Conclusion: This won’t work, in principle, and should go unviral asap. It’s not due to my lack of imagination that it won’t work, but due to physics.

So: This “design” is like saying: I’d like to have a car with a combustion engine which can drive from Sydney to Perth on 1 litre of fuel, with aircon and radio on full power. For the price of 800$. Not going to happen, even if some designer boy really, really wants it. Reality is a bitch.


  1. Technotrout

    Party pooper!

    So lets assume that scientist might come up with inventions that seems unbelieveable to the general population…..like radio, telephones, TV, radar and the fact that even scientists at one point thought that any human going faster than 120 kmh would certainly die. The princible of science is to never stop asking questions. Why not ask if this one is possible. The laws of physics once said that you could not split an atom. The name comes from greek and means “unsplittable”, which we all know now is not accurate.
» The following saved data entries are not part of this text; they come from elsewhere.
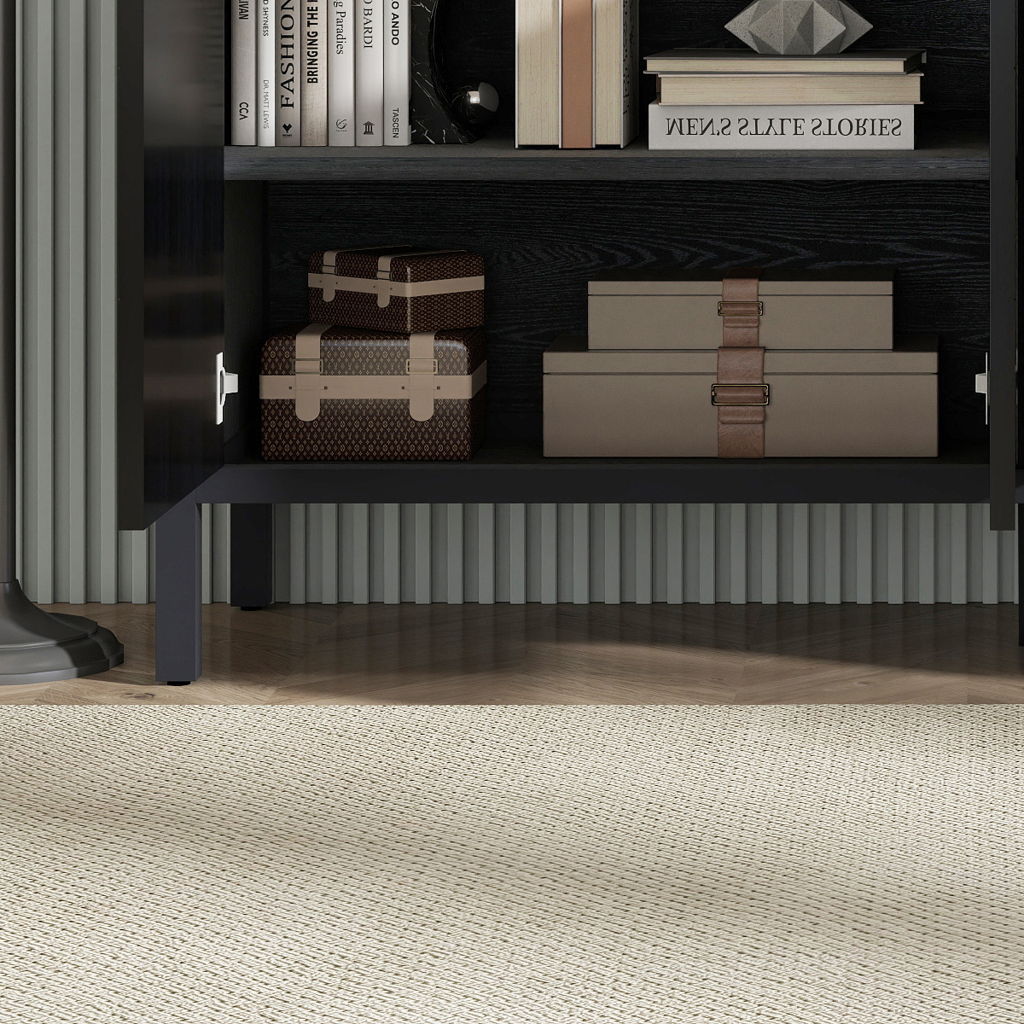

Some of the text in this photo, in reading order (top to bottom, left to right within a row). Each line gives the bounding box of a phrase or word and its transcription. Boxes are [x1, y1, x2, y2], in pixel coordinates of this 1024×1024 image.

[262, 7, 270, 37] SHYNESS
[306, 6, 318, 28] THE
[335, 11, 347, 55] Paradies
[363, 8, 373, 48] BARDI
[391, 12, 400, 46] ANDO
[306, 31, 318, 84] BRINGING
[238, 101, 249, 121] CCA
[262, 91, 270, 108] MATT
    Well, there are a lot of examples of inventions that seemed unbelieveable at the time they were invented.

    But by all means, let us all stop dreaming.

  2. Jeremy Deschner

    You forgot to account for magic, Sir.

  3. Jeremy Deschner

    On a serious note nervous system toxicity from O2 happens around 1.4 – 1.6 PPO2. Oxygen at 60m (200ft) becomes toxic. I see you wrote 6m. At 6m you wouldn’t even be at 2ATM.

    1. Anthony Mills

      Your making the assumption the diver is using air which is composed of only 21% oxygen and the rest mostly nitrogen, this exposes a diver to a PPO2 of 1.4 at 57m.

      If a diver is breathing 100% Oxygen they are subject to 1ATM of pressure and therefore have a PPO2 of 1.0 at sea level before even descending. Giving the maximum allowable depths when breathing pure O2, 4m for a 1.4 PPO2 or 6m as Klaus mentioned earlier for a 1.6 PPO2. The risk of exposing a diver to the higher limit of 1.6 is only considered appropriate when the diver is at rest through ( i.e decompression).

  4. Pacificklaus (Post author)

    Jeremy, it’s 6 m for sure for 100% O2. Oxygen in air (20%) becomes toxic at 60 m.

    I am all for dreaming, but I am also for taking reality into account. Which part of my calculations is wrong in your opinion, Technotrout?

  5. Al

    Technotrout, it’s not impossible, it’s just this thing is going viral and everyone’s hyping it up to be an actual thing but it’s a student design (and the idea is not an original one.)

    Functional technical things aside, looking at the design, he forgot to include some sort of magical gizmo that keeps it somehow attached to your body/gear (besides your teeth biting down on it) incase it gets kicked out of your mouth, which, judging by the inconvenient bulkiness and non-streamlined shape is probably a lot more likely to happen than if one were to use a conventional regulator. Yes, it does happen, it has happened to me on my open water course during my first ocean dive by my instructor–and not on purpose.